#### WORK INSTRUCTION
Pictures aside, return all of the records exactly as they stand.

==========

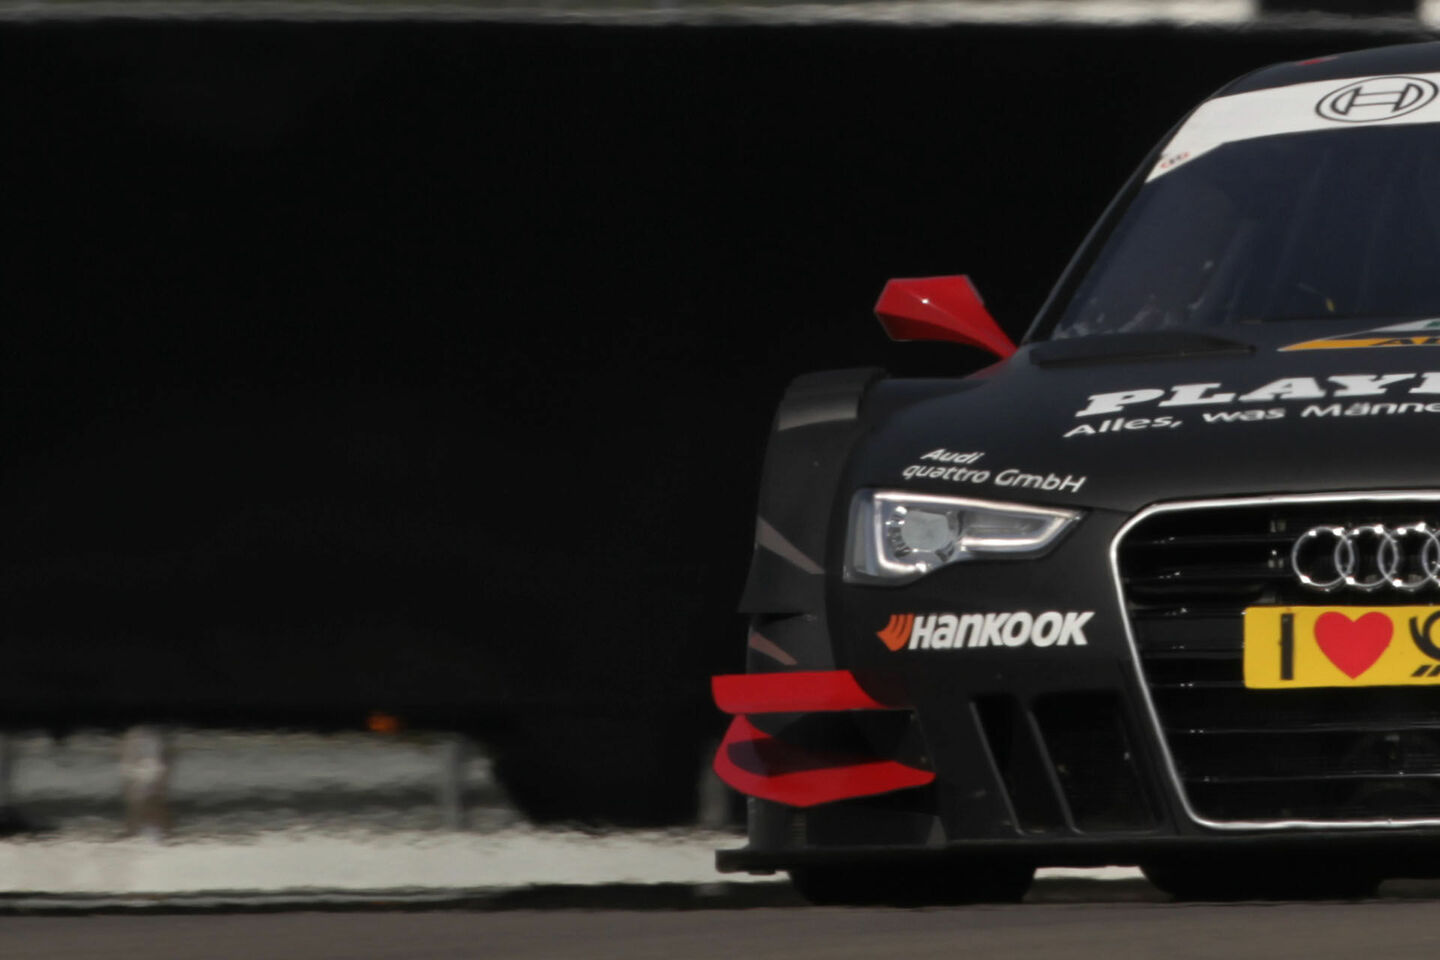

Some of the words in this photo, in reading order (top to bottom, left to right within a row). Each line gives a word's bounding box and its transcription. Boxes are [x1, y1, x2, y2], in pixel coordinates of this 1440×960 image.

[1063, 415, 1183, 438] Alles,
[1202, 407, 1287, 424] was
[920, 448, 985, 465] Audi
[902, 464, 991, 483] quattro
[994, 468, 1087, 493] GmbH
[1280, 612, 1295, 681] I
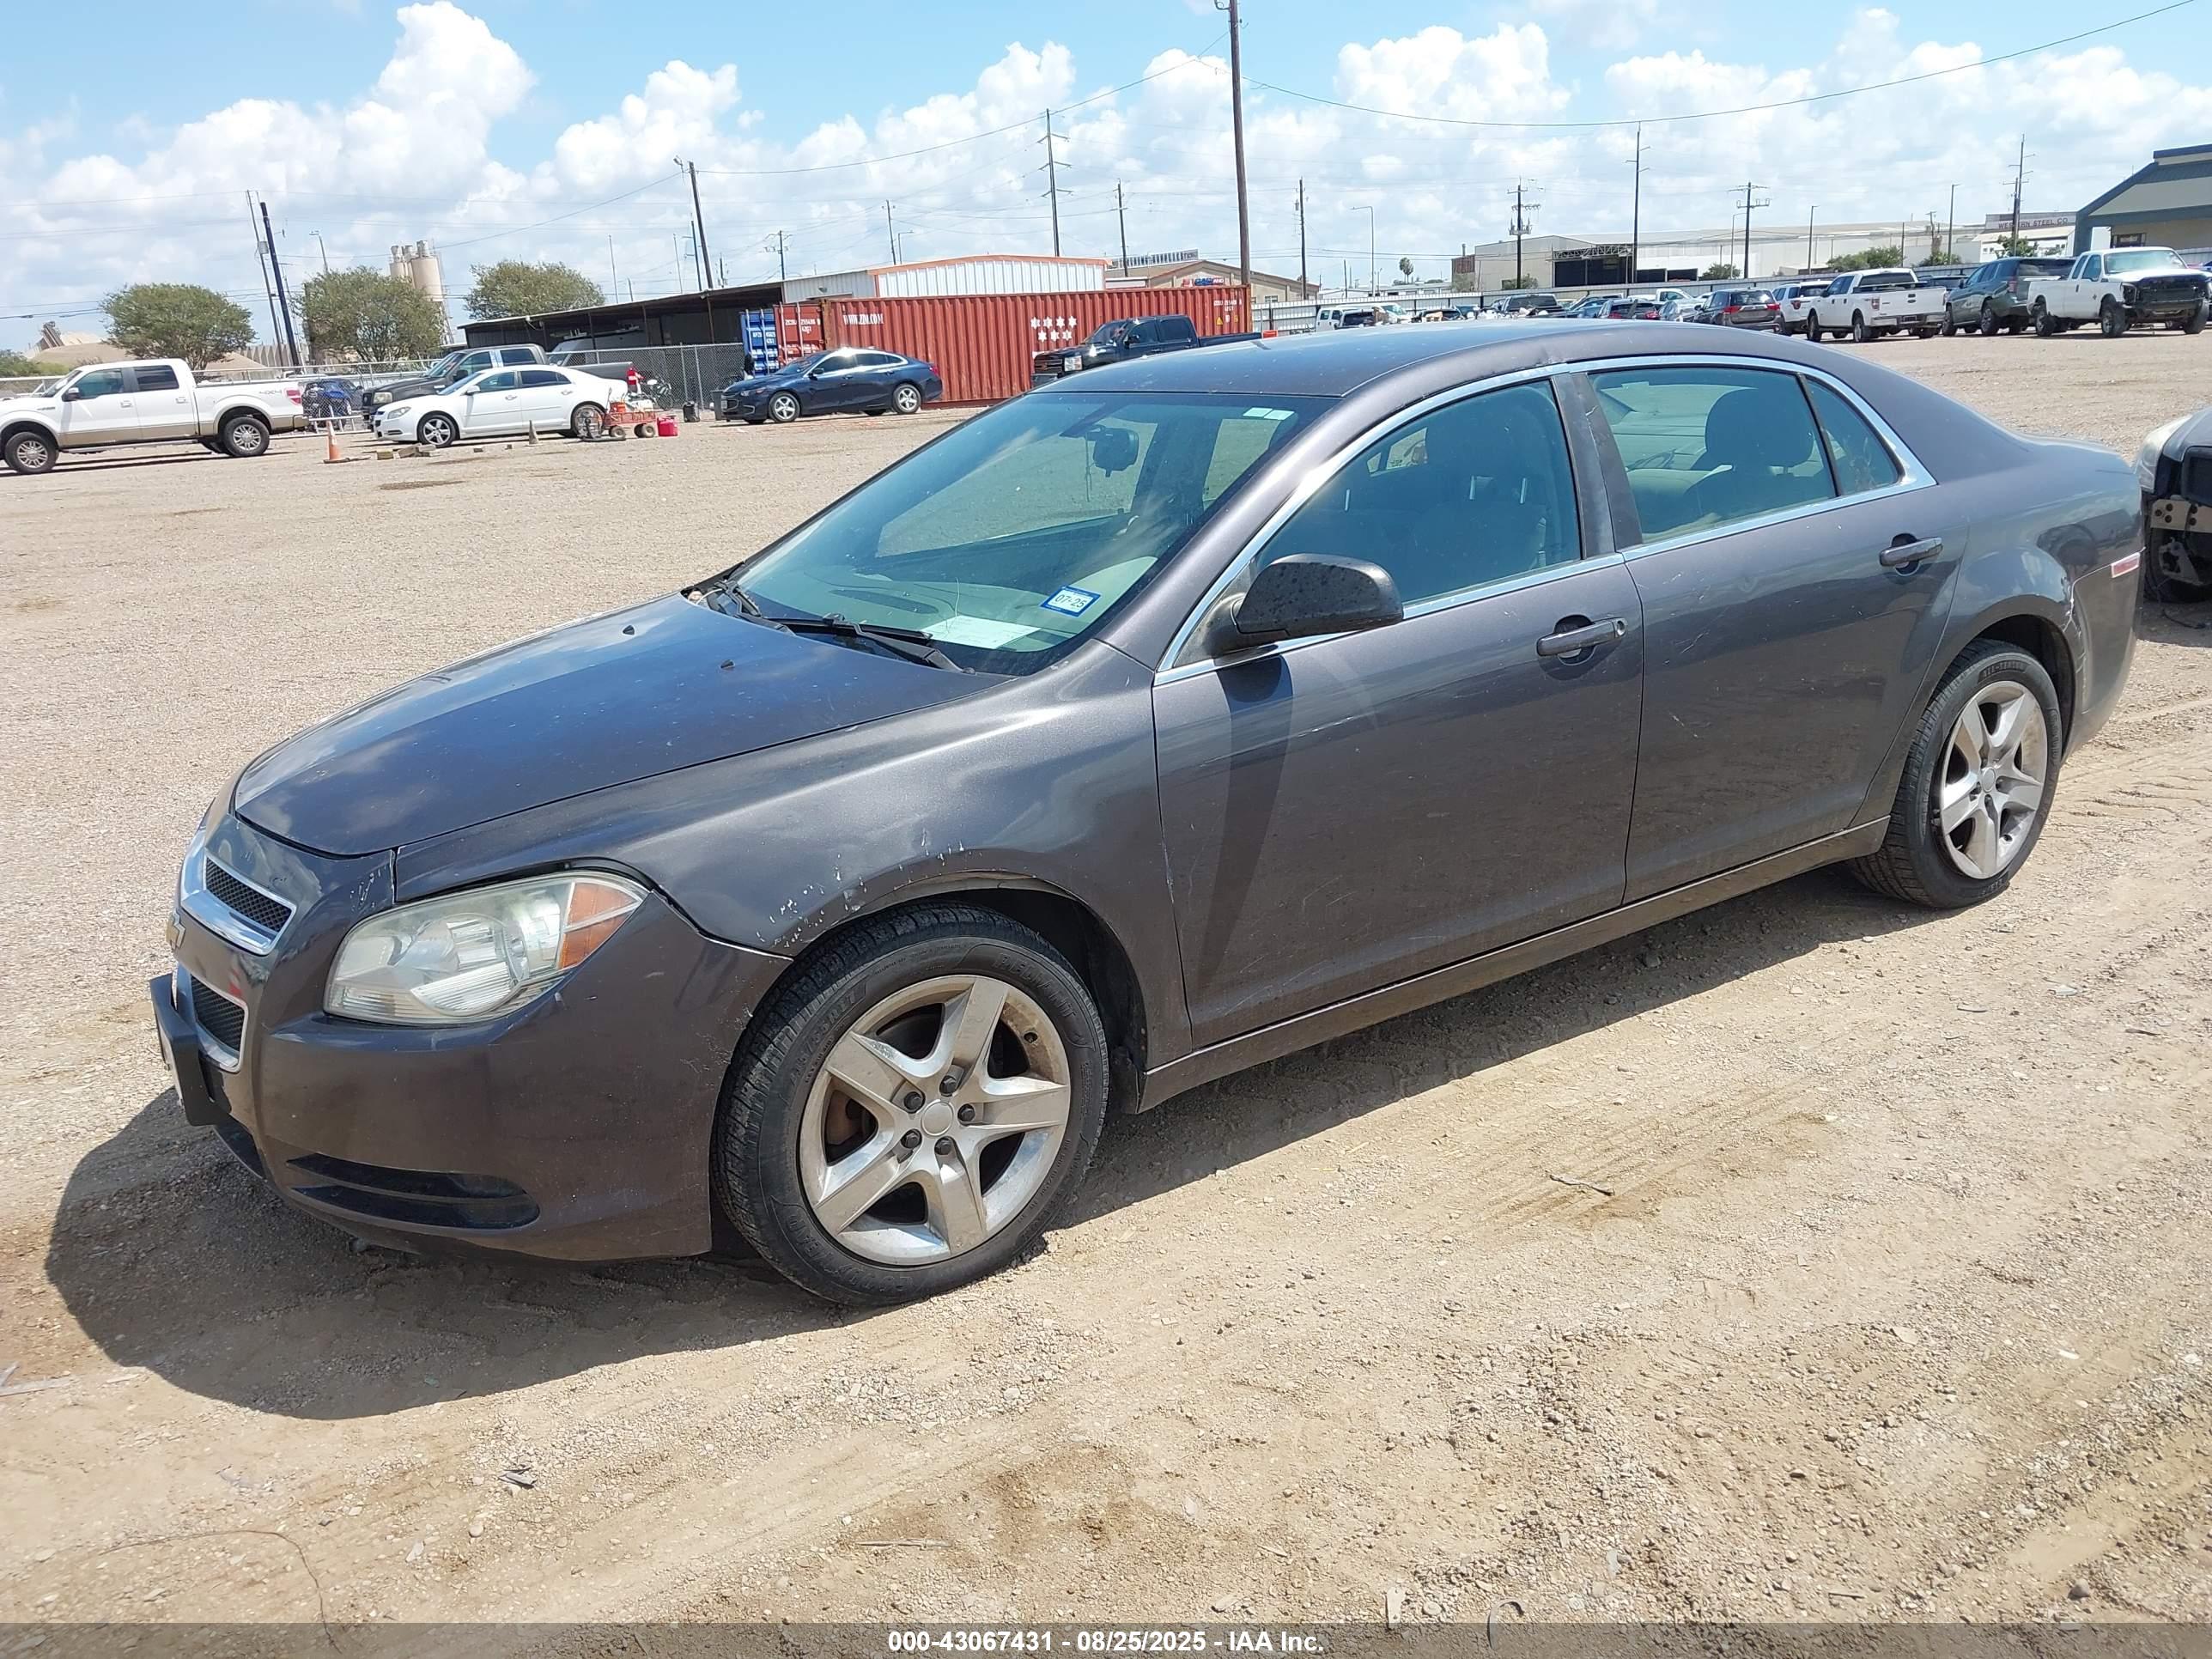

==========

#### ANSWER BOX
Some of the words in this photo, in reading order (top to bottom, left to right within a row). Each line gives a word's bounding box and its transcription. Boxes are [x1, y1, x2, y2], in pixel coordinates of this 1440×960 image.

[1063, 415, 1183, 438] Alles,
[1202, 407, 1287, 424] was
[920, 448, 985, 465] Audi
[902, 464, 991, 483] quattro
[994, 468, 1087, 493] GmbH
[1280, 612, 1295, 681] I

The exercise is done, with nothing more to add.